ARTICLE | doi:10.20944/preprints201901.0003.v1
Subject: Life Sciences, Immunology Keywords: mast cell; dexamethasone; trimeric G protein; Mrgpr; skin; inflammation
Online: 3 January 2019 (08:55:29 CET)
Steroidal anti-inflammatory drugs are widely used for treatment of chronic cutaneous inflammation, such as atopic dermatitis, although it remains unknown how they modulate cutaneous mast cell functions. Murine connective tissue-type mast cells, which were sensitive to mast cell secretagogues, such as compound 48/80 and substance P, were generated by co-culture of bone marrow-derived mast cells with Swiss 3T3 fibroblasts in the presence of stem cell factor. This process was accompanied by up-regulation of a subunit of a trimeric G protein, Gi1, and several Mas-related G protein-coupled receptor (Mrgpr) subtypes. Secretagogue-induced degranulation and up-regulation of these genes were suppressed when they were cultured in the presence of a synthetic glucocorticoid, dexamethasone.
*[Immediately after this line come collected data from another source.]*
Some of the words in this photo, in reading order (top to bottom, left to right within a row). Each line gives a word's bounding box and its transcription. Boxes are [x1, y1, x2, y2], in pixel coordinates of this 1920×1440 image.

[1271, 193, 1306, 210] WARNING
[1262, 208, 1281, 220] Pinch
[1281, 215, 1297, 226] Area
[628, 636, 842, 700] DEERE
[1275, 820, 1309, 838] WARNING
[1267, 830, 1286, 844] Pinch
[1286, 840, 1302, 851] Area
The profiles of granule constituents were drastically altered by dexamethasone. Several Mrgpr subtypes were found to be expressed in the cutaneous tissues and their expression levels were decreased in response to topical application of dexamethasone. The numbers of degranulated cutaneous mast cells in response to compound 48/80 were decreased in mice treated with dexamethasone. These results suggest that mast cell-mediated IgE-independent cutaneous inflammation could be suppressed by steroidal anti-inflammatory drugs through down-regulation of Gai1 and several Mrgpr subtypes in mast cells.